- **Record excerpts**
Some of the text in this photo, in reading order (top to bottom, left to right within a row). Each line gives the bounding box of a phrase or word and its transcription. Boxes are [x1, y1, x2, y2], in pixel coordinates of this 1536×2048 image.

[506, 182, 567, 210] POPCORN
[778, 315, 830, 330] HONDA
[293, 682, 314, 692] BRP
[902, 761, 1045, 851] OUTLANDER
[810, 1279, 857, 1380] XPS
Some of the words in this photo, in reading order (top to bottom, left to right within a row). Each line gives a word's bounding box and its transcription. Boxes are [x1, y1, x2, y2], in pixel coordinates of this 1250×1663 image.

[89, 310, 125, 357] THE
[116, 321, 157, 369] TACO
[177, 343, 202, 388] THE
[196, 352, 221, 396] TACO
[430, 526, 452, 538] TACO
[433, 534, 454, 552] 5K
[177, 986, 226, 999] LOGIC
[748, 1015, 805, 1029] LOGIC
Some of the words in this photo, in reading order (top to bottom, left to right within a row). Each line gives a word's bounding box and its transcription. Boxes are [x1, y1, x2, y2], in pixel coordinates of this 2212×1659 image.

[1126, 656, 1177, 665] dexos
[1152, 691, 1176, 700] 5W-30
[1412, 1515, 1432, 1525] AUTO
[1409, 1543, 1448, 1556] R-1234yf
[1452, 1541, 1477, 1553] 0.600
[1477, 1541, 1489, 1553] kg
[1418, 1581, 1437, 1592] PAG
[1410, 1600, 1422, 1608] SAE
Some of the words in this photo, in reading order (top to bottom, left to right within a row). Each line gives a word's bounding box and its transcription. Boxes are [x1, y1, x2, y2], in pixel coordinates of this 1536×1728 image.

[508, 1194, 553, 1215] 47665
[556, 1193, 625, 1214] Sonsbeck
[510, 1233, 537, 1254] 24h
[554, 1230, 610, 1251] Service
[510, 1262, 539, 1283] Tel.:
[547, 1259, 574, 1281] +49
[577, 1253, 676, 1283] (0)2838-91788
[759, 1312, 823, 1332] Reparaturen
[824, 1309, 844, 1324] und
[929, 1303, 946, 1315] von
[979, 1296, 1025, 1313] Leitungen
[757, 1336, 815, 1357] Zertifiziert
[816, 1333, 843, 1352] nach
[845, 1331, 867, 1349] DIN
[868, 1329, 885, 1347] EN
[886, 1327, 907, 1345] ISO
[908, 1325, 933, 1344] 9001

- **Task details**
Retype the records above so that nothing differs from the original.

- **Worked solution**
Some of the text in this photo, in reading order (top to bottom, left to right within a row). Each line gives the bounding box of a phrase or word and its transcription. Boxes are [x1, y1, x2, y2], in pixel coordinates of this 1536×2048 image.

[506, 182, 567, 210] POPCORN
[778, 315, 830, 330] HONDA
[293, 682, 314, 692] BRP
[902, 761, 1045, 851] OUTLANDER
[810, 1279, 857, 1380] XPS
Some of the words in this photo, in reading order (top to bottom, left to right within a row). Each line gives a word's bounding box and its transcription. Boxes are [x1, y1, x2, y2], in pixel coordinates of this 1250×1663 image.

[89, 310, 125, 357] THE
[116, 321, 157, 369] TACO
[177, 343, 202, 388] THE
[196, 352, 221, 396] TACO
[430, 526, 452, 538] TACO
[433, 534, 454, 552] 5K
[177, 986, 226, 999] LOGIC
[748, 1015, 805, 1029] LOGIC
Some of the words in this photo, in reading order (top to bottom, left to right within a row). Each line gives a word's bounding box and its transcription. Boxes are [x1, y1, x2, y2], in pixel coordinates of this 2212×1659 image.

[1126, 656, 1177, 665] dexos
[1152, 691, 1176, 700] 5W-30
[1412, 1515, 1432, 1525] AUTO
[1409, 1543, 1448, 1556] R-1234yf
[1452, 1541, 1477, 1553] 0.600
[1477, 1541, 1489, 1553] kg
[1418, 1581, 1437, 1592] PAG
[1410, 1600, 1422, 1608] SAE
Some of the words in this photo, in reading order (top to bottom, left to right within a row). Each line gives a word's bounding box and its transcription. Boxes are [x1, y1, x2, y2], in pixel coordinates of this 1536×1728 image.

[508, 1194, 553, 1215] 47665
[556, 1193, 625, 1214] Sonsbeck
[510, 1233, 537, 1254] 24h
[554, 1230, 610, 1251] Service
[510, 1262, 539, 1283] Tel.:
[547, 1259, 574, 1281] +49
[577, 1253, 676, 1283] (0)2838-91788
[759, 1312, 823, 1332] Reparaturen
[824, 1309, 844, 1324] und
[929, 1303, 946, 1315] von
[979, 1296, 1025, 1313] Leitungen
[757, 1336, 815, 1357] Zertifiziert
[816, 1333, 843, 1352] nach
[845, 1331, 867, 1349] DIN
[868, 1329, 885, 1347] EN
[886, 1327, 907, 1345] ISO
[908, 1325, 933, 1344] 9001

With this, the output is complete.